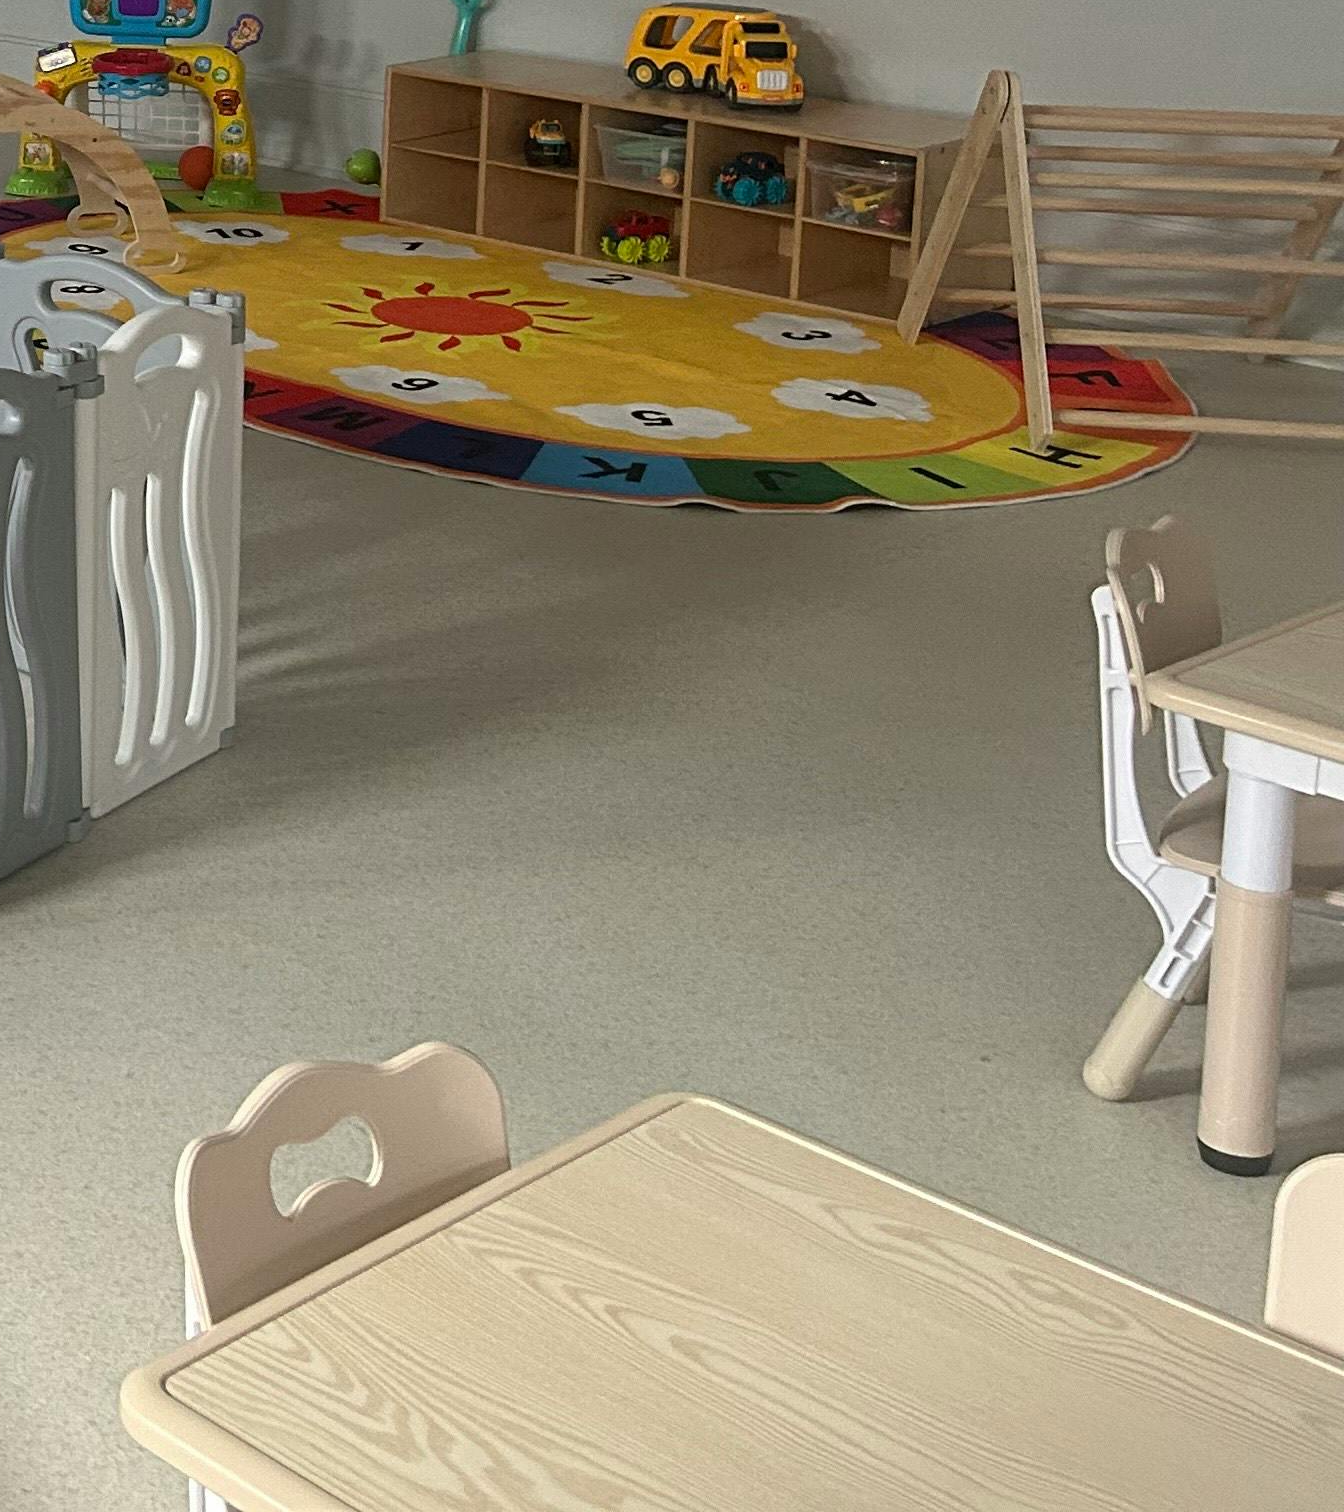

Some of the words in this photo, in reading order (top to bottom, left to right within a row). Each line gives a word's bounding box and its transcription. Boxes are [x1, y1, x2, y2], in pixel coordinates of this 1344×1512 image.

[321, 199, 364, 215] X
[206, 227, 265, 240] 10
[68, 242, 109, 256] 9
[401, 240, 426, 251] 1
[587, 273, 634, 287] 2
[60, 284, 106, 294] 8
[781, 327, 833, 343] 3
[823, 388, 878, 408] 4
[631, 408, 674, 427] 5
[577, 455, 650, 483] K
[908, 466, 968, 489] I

*****

Could you set down every record above exactly as written, leaving out the pictures?

#### Worked solution:
Some of the words in this photo, in reading order (top to bottom, left to right within a row). Each line gives a word's bounding box and its transcription. Boxes are [x1, y1, x2, y2], in pixel coordinates of this 1344×1512 image.

[321, 199, 364, 215] X
[206, 227, 265, 240] 10
[68, 242, 109, 256] 9
[401, 240, 426, 251] 1
[587, 273, 634, 287] 2
[60, 284, 106, 294] 8
[781, 327, 833, 343] 3
[823, 388, 878, 408] 4
[631, 408, 674, 427] 5
[577, 455, 650, 483] K
[908, 466, 968, 489] I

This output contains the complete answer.